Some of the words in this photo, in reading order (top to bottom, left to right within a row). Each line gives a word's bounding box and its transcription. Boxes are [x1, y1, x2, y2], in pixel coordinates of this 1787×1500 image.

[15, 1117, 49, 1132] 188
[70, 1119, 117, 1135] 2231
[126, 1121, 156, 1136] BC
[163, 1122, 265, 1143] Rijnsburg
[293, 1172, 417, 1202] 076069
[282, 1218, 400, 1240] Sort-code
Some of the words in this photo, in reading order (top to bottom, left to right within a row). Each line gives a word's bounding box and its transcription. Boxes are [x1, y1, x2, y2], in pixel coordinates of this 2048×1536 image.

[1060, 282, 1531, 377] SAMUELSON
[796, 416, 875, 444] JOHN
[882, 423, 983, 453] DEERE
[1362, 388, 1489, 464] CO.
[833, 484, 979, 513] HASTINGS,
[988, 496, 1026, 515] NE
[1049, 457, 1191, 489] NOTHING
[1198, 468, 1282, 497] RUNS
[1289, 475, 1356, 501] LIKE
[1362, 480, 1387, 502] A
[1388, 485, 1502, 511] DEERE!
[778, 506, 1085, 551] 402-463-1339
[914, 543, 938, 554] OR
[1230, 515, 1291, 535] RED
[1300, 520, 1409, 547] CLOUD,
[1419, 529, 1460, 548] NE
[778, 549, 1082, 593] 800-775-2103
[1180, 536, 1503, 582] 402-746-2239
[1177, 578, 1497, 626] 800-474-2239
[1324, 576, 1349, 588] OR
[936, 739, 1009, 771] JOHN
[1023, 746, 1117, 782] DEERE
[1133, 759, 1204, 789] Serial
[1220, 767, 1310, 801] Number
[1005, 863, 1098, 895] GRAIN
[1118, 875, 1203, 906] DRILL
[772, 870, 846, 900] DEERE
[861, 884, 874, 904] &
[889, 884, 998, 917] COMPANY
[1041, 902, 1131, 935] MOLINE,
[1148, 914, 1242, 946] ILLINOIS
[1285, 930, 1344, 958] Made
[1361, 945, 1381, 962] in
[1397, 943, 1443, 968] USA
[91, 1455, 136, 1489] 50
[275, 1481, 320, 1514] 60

**ASSIGNED TASK**
Return an exact copy of the listing.

**TASK OUTPUT**
Some of the words in this photo, in reading order (top to bottom, left to right within a row). Each line gives a word's bounding box and its transcription. Boxes are [x1, y1, x2, y2], in pixel coordinates of this 1787×1500 image.

[15, 1117, 49, 1132] 188
[70, 1119, 117, 1135] 2231
[126, 1121, 156, 1136] BC
[163, 1122, 265, 1143] Rijnsburg
[293, 1172, 417, 1202] 076069
[282, 1218, 400, 1240] Sort-code
Some of the words in this photo, in reading order (top to bottom, left to right within a row). Each line gives a word's bounding box and its transcription. Boxes are [x1, y1, x2, y2], in pixel coordinates of this 2048×1536 image.

[1060, 282, 1531, 377] SAMUELSON
[796, 416, 875, 444] JOHN
[882, 423, 983, 453] DEERE
[1362, 388, 1489, 464] CO.
[833, 484, 979, 513] HASTINGS,
[988, 496, 1026, 515] NE
[1049, 457, 1191, 489] NOTHING
[1198, 468, 1282, 497] RUNS
[1289, 475, 1356, 501] LIKE
[1362, 480, 1387, 502] A
[1388, 485, 1502, 511] DEERE!
[778, 506, 1085, 551] 402-463-1339
[914, 543, 938, 554] OR
[1230, 515, 1291, 535] RED
[1300, 520, 1409, 547] CLOUD,
[1419, 529, 1460, 548] NE
[778, 549, 1082, 593] 800-775-2103
[1180, 536, 1503, 582] 402-746-2239
[1177, 578, 1497, 626] 800-474-2239
[1324, 576, 1349, 588] OR
[936, 739, 1009, 771] JOHN
[1023, 746, 1117, 782] DEERE
[1133, 759, 1204, 789] Serial
[1220, 767, 1310, 801] Number
[1005, 863, 1098, 895] GRAIN
[1118, 875, 1203, 906] DRILL
[772, 870, 846, 900] DEERE
[861, 884, 874, 904] &
[889, 884, 998, 917] COMPANY
[1041, 902, 1131, 935] MOLINE,
[1148, 914, 1242, 946] ILLINOIS
[1285, 930, 1344, 958] Made
[1361, 945, 1381, 962] in
[1397, 943, 1443, 968] USA
[91, 1455, 136, 1489] 50
[275, 1481, 320, 1514] 60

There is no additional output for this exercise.